Range & Habitat: The native Water Hemp is a common plant that occurs in most areas of Illinois (see Distribution Map); it is somewhat less common in southern Illinois. Probably it is more widespread than the distribution map indicates, even though this map is derived from a recent source (from Mohlenbrock, 2001). Natural habitats include swampy areas, seasonal wetlands, mudflats, and borders of small lakes, ponds, or rivers. It also occurs in cultivated fields and waste areas. This plant definitely prefers disturbed areas, and it is probably spreading throughout the state.
Faunal Associations: The flowers are wind-pollinated and they are not designed to attract pollinating insects. Many insects feed destructively on Water Hemp (Amaranthus rudis) and other Amaranthus spp. These insect feeders include the seed-eating adults of Amara aenea (Common Sun Beetle) and other ground beetles, Disonycha glabrata (Pigweed Flea Beetle) and other flea beetles, Conotrachelus seniculus (Amaranth Curculio) and other weevils, leaf-mining larvae of some Anthomyiid flies (Pegomya spp.), Lygus lineolaris (Tarnished Plant Bug) and other plant bugs, Piesma cinerea (Pigweed Bug), Pemphigus betae (Sugar Beet Root Aphid) and other aphids, larvae of of Virbia aurantiaca (Orange Virbia) and other moths, larvae of the skippers Pholisora catullus (Common Sootywing) and Staphylus hayhurstii (Hayhurst's Scallopwing), Spharagemon collare (Mottled Sand Grasshopper) and other grasshoppers, and the seed-eating Gryllus pennsylvanicus (Fall Field Cricket). The Insect Table has a more complete list of these insect feeders. The seeds of Amaranthus spp. are an attractive source of food to the Mourning Dove, ducks, sparrows, and other songbirds (see Bird Table). This is partly because the little seeds are produced in great abundance and they can persist through the winter. Ducks are especially likely to feed on the seeds of Water Hemp because of its preference for disturbed wetland habitats.

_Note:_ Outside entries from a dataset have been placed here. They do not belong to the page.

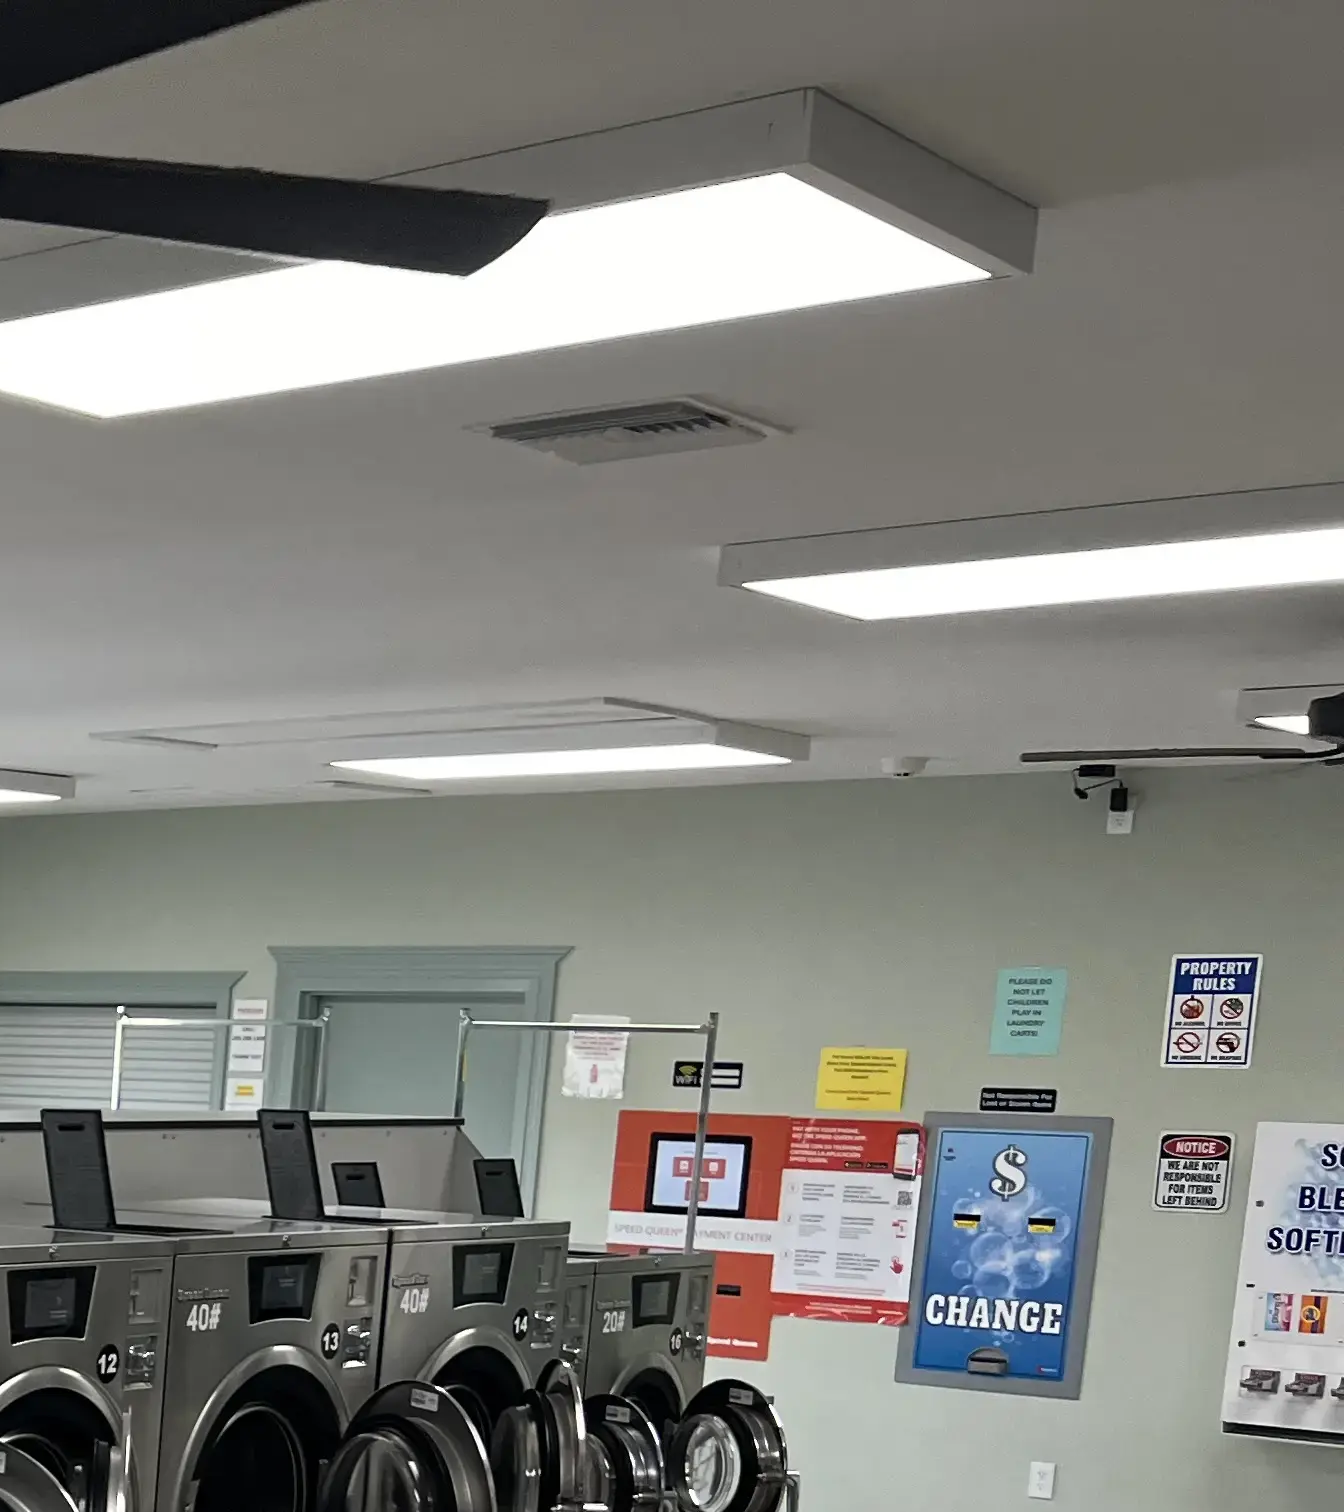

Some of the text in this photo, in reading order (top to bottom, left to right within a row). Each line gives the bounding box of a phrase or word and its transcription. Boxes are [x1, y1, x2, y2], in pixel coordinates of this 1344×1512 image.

[1180, 961, 1252, 975] PROPERTY
[1193, 977, 1236, 991] RULES
[1175, 1141, 1217, 1154] NOTICE
[1321, 1143, 1344, 1169] S
[1168, 1160, 1220, 1171] WE ARE NOT
[1162, 1172, 1222, 1183] RESPONSIBLE
[1168, 1183, 1214, 1194] FOR ITEMS
[1162, 1195, 1218, 1206] LEFT BEHIND
[614, 1223, 644, 1234] SPEED
[734, 1231, 773, 1243] CENTER
[400, 1288, 430, 1314] 40#
[186, 1302, 221, 1332] 40#
[602, 1310, 626, 1334] 20#
[925, 1293, 1063, 1335] CHANGE
[514, 1315, 528, 1334] 14
[323, 1331, 339, 1352] 13
[671, 1333, 682, 1350] 16
[97, 1352, 118, 1375] 12

Because the foliage of this plant can accumulate high levels of nitrates, it can be toxic to livestock when it is eaten in abundance.
Photographic Location: A mound of soil that was recently deposited by earth-moving equipment in Champaign, Illinois.
Comments: This little-valued plant is beneficial to wildlife, especially insects and birds. This is just one more example why weedy plants should not be destroyed on sight for trivial reasons. However, it can invade cultivated fields and cause allergic reactions in humans from the wind-borne pollen. Water Hemp (Amaranthus rudis) is very similar in appearance to Western Hemp (Amaranthus tuberculatus), and both species share the same range in Illinois and have similar habitat preferences. However, the seed-containing capsules of Western Hemp split open irregularly with jagged edges, while the capsules of Water Hemp split cleanly and evenly around the middle. This is easy to observe by rubbing the flowering spikes with one's hand, as many of the capsules (along with the bracts and released seeds) will fall readily into one's palm. These two species are sometimes assigned to the Acnida genus because the pistillate flowers usually have a single sepal, whereas the pistillate flowers of other Amaranthus spp. usually have 5 sepals, like the staminate flowers.